Collected data:
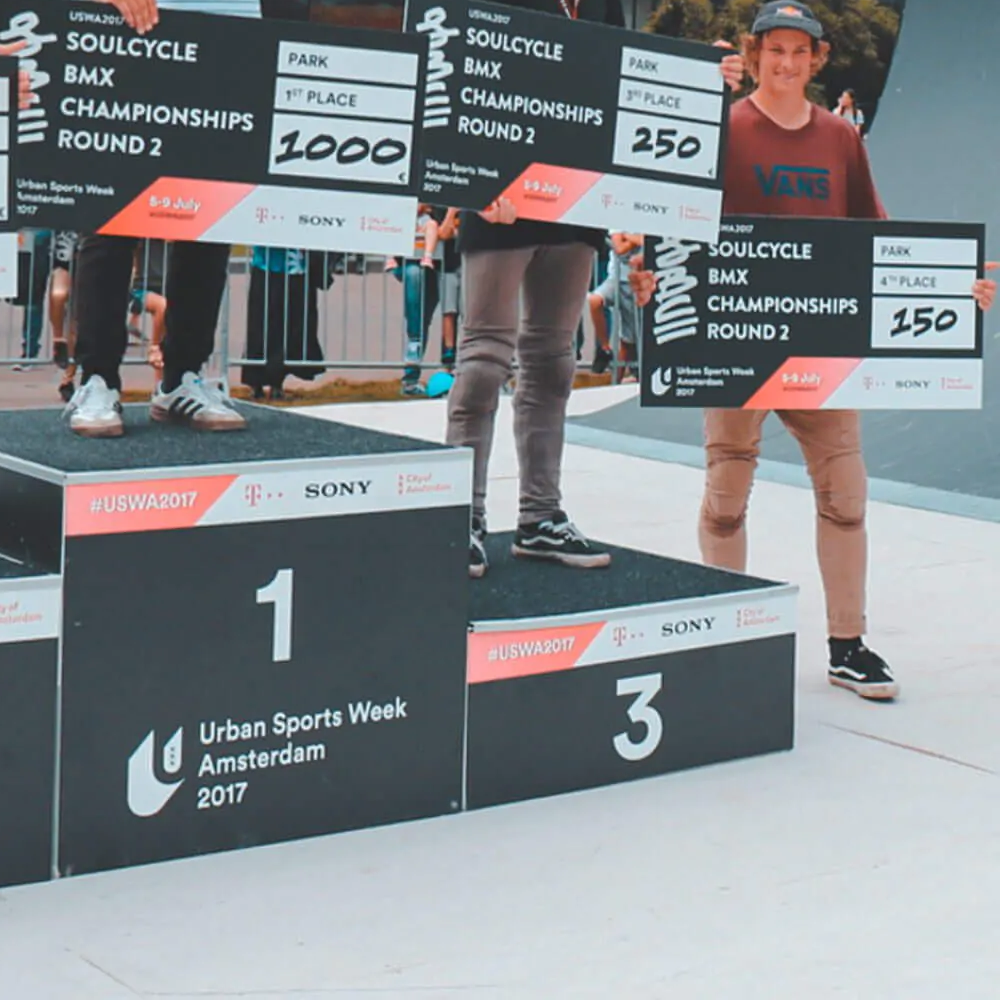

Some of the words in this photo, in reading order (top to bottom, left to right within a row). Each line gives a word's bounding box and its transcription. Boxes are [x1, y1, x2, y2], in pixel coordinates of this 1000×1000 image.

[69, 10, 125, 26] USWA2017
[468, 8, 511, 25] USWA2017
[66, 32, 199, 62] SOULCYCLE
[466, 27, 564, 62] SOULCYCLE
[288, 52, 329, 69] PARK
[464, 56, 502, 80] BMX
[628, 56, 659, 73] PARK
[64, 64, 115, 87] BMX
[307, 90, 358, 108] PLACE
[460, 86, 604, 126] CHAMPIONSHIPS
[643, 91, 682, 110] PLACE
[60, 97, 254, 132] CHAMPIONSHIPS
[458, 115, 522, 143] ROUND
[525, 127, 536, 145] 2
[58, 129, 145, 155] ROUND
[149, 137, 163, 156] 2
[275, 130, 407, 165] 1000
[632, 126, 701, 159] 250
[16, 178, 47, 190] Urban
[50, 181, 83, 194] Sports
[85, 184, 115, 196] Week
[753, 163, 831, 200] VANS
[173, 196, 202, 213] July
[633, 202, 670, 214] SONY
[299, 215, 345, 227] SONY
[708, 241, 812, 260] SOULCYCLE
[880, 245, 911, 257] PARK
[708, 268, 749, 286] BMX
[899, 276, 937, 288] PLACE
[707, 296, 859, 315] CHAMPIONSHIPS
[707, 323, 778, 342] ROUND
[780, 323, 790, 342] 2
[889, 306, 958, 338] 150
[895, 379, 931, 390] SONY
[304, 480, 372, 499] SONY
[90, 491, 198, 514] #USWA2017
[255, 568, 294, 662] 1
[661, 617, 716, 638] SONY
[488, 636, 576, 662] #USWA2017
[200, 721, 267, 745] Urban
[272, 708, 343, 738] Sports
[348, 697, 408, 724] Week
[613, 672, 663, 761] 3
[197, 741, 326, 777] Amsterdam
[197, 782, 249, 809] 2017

### AIM OF THE EXERCISE
Go over the data above and copy every line that has the word "SOULCYCLE" in it.

### TASK SOLUTION
[66, 32, 199, 62] SOULCYCLE
[466, 27, 564, 62] SOULCYCLE
[708, 241, 812, 260] SOULCYCLE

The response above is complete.